May 2, 2008 Southwest Illinois Storms

by John Farley

This was a day, that had the timing of things been a little different, could have been a major severe weather outbreak in Illinois. There were very strong dynamics, with an intense surface low passing to the northwest, strong and divergent upper winds, and good wind shear in the lower levels. However, the first batch of storms arrived early in the morning, in the form of a long-lived squall line that had produced hurricane force winds and tornadoes overnight in the Kansas City area, but was now weakening as it entered Illinois in the least favorable time of day for severe weather, around 9-10 in the morning. And this line cooled and stabilized the air, so that when storms tried to fire in the afternoon, the strong wind shear just blew them apart for quite a while, as there just wasn't enough instability left to get storm updrafts strong enough to keep from being blown apart. Had there been, there could have been a significant tornado outbreak.

Despite the lack of widespread severe weather and commitments in both the morning and late afternoon, I was able to get out for a while on the morning storms and again at mid afternoon as the second round of storms tried to develop.

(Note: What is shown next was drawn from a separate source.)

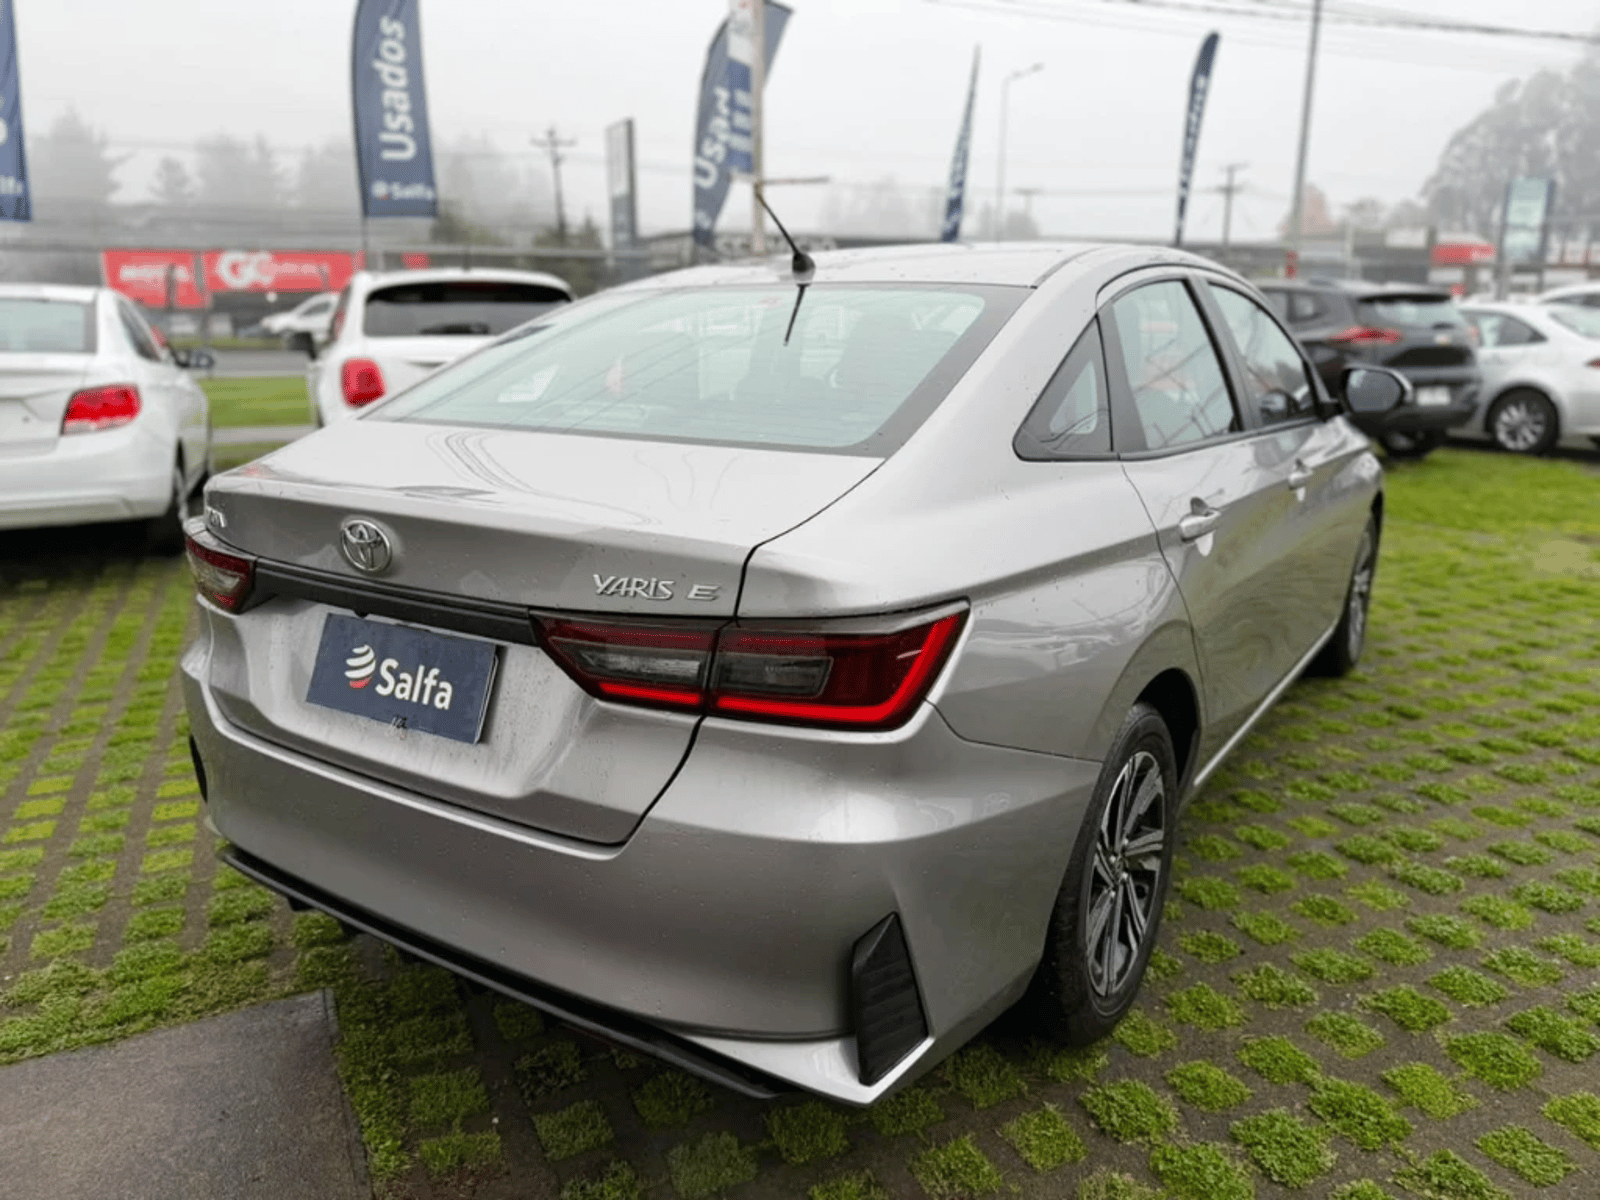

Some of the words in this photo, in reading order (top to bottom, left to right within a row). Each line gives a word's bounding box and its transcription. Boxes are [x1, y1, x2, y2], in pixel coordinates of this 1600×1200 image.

[372, 15, 418, 162] Usados
[593, 574, 676, 600] YARIS
[687, 584, 720, 601] E
[375, 658, 453, 710] Salfa

The picture below shows the leading edge of the morning squall line, looking northwet from east of Hamel, IL around 9 a.m.:

I positioned myself there because the strongest storm embedded in the line was moving through that area. It did not look that impressive to me, but not long after I took the picture above, between 9:10 and 9:20, the storm began to produce damage on the south side of Staunton, about 9 miles north of where I took the picture. It continued to produce wind damage intermittently north-northeastward for about 50 miles, to the Farmersville area. The next picture shows the "whales mouth" - the underside of the shelf cloud on the side toward the storm. Usually when the whales mouth is this visible, the storm is weakening. This picture was taken from northwest of Marine around 9:20, as the heaviest part of the storm moved away to the north of my location.

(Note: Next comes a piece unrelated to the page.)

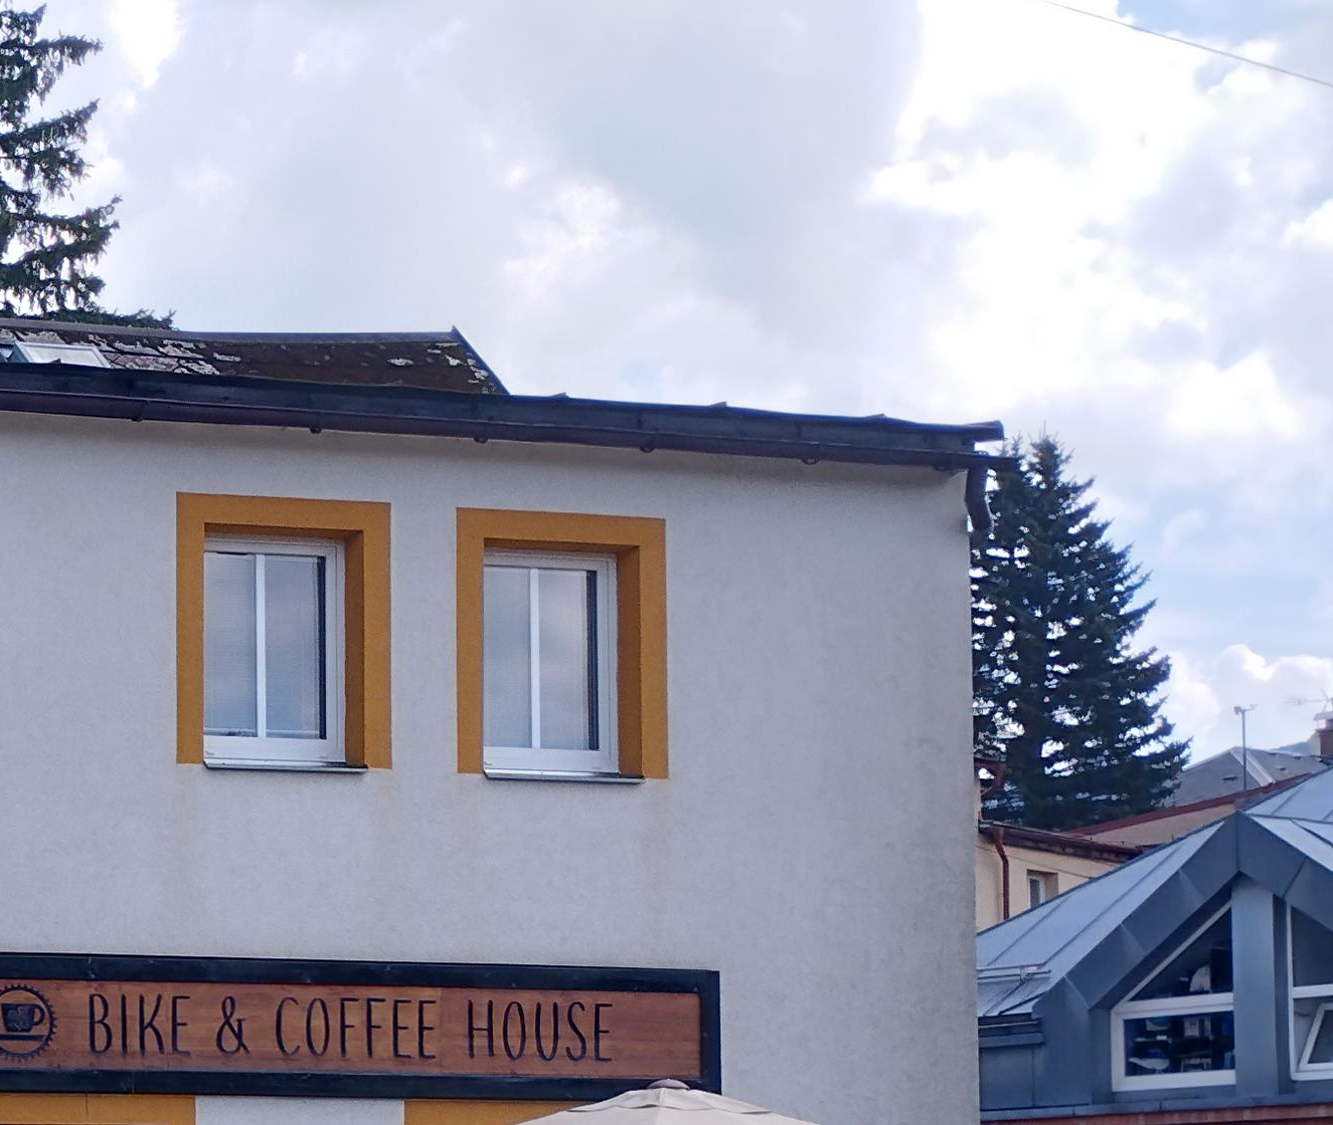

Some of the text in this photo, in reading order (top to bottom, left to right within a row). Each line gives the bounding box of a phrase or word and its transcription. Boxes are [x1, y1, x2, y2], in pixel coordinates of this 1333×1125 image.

[89, 994, 613, 1061] BIKE & COFFEE HOUSE

I headed out again around 2:30, a little farther up I-55 this time as storms began trying to fire in and north of the St. Louis area. I thought with the strong wind shear that if a strong storm did get going, it could get quite severe in a hurry. But the updrafts at this point just weren't strong enough to sustain themselves in the intense wind shear. The first picture shows towers going up north and northeast of Farmersville:

The lowering below, which looked like it wanted to be a wall cloud, formed under one of the stronger updrafts:

Shortly later, though, the cell blew apart, like most of the others had been doing. At the time I took these, the southerly wind feeding the storms was pretty intense, and I was pretty sure the storms would eventually go severe - but later afternoon/evening commitments kept me from pursuing them any further. The storms did eventually go serere, and even got tornado warned - but not until they got all the way up close to interstate 80, and continuing on through northwest Indiana and into southwest Michigan!